=== Begin Enclosure ===
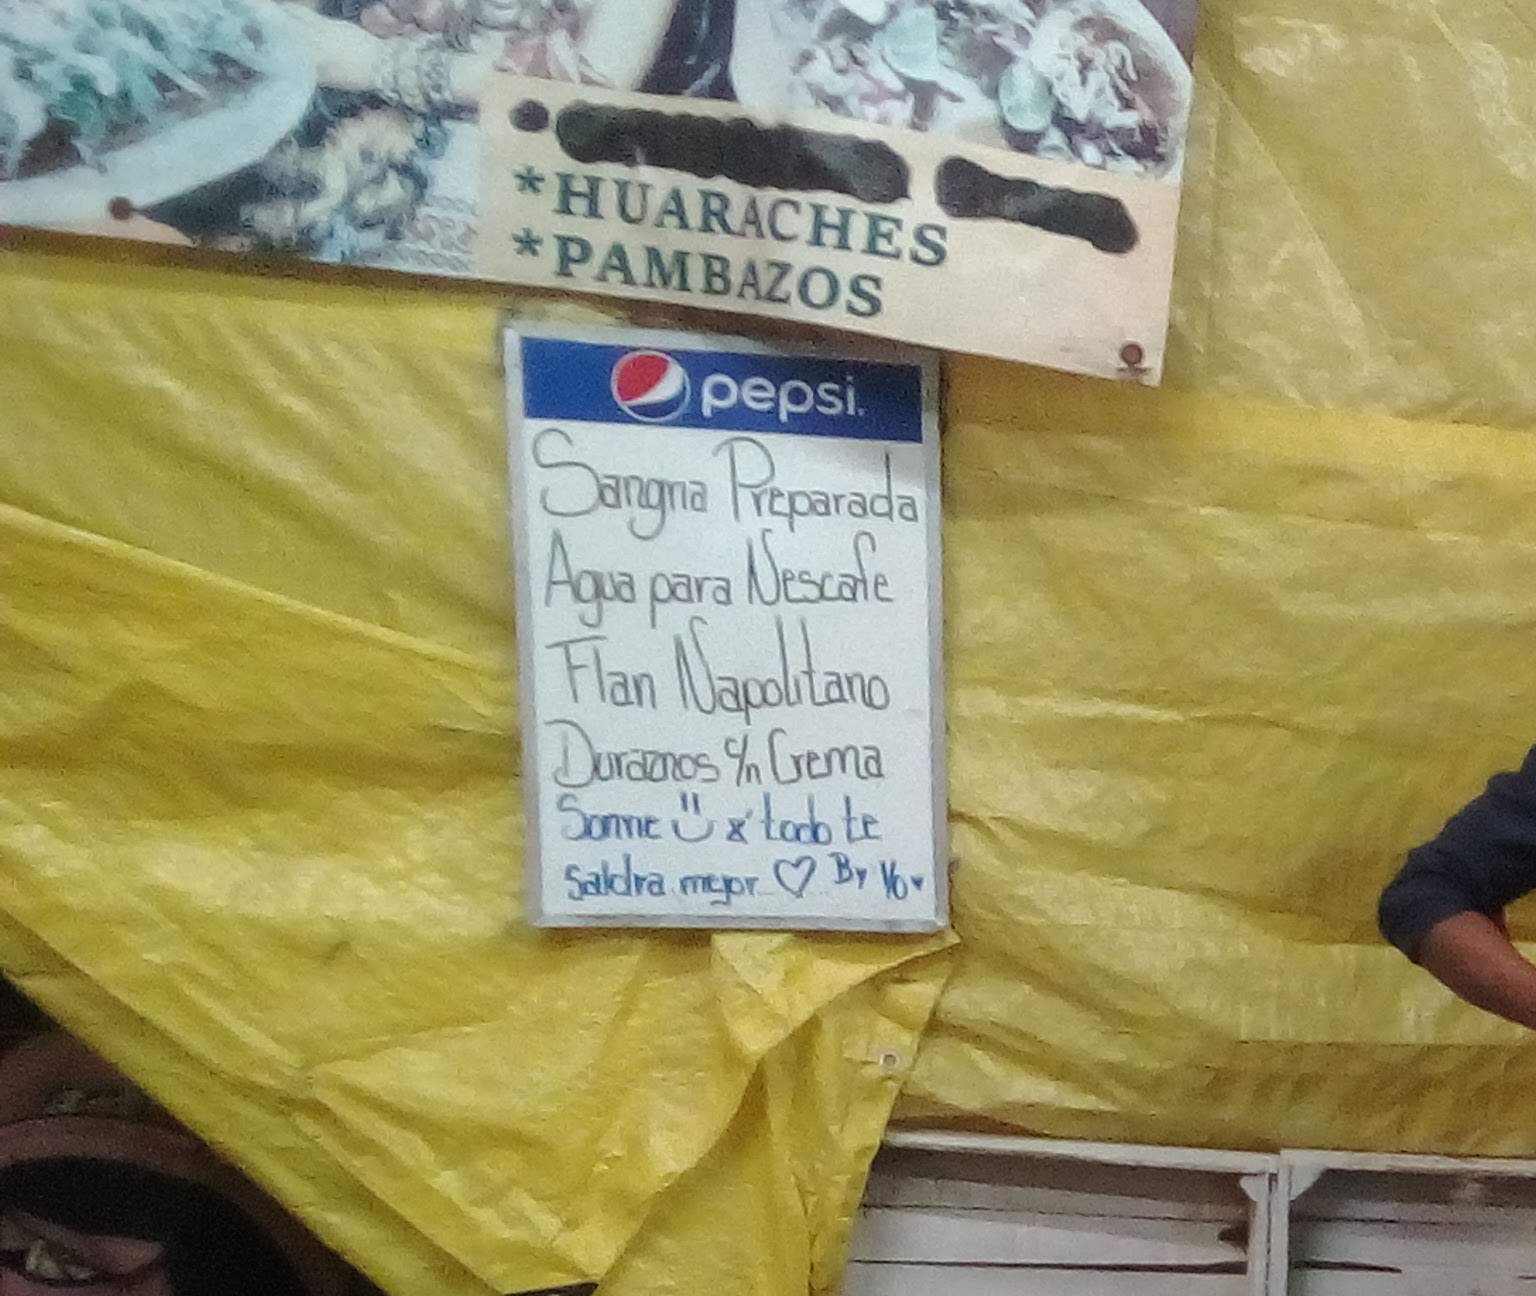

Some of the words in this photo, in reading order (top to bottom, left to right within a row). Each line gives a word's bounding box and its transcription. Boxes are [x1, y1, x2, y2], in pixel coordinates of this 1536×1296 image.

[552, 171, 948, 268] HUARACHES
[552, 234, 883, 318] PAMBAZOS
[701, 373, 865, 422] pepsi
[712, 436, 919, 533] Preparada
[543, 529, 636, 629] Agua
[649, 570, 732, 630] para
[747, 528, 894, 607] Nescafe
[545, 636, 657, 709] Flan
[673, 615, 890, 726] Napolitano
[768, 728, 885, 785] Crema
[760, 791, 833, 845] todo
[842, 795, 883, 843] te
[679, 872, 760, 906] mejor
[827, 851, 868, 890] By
=== End Enclosure ===
▶ _Task statement_
Print out every record above exactly as given. Do not include the pictures.

▶ _Result for this task_
Some of the words in this photo, in reading order (top to bottom, left to right within a row). Each line gives a word's bounding box and its transcription. Boxes are [x1, y1, x2, y2], in pixel coordinates of this 1536×1296 image.

[552, 171, 948, 268] HUARACHES
[552, 234, 883, 318] PAMBAZOS
[701, 373, 865, 422] pepsi
[712, 436, 919, 533] Preparada
[543, 529, 636, 629] Agua
[649, 570, 732, 630] para
[747, 528, 894, 607] Nescafe
[545, 636, 657, 709] Flan
[673, 615, 890, 726] Napolitano
[768, 728, 885, 785] Crema
[760, 791, 833, 845] todo
[842, 795, 883, 843] te
[679, 872, 760, 906] mejor
[827, 851, 868, 890] By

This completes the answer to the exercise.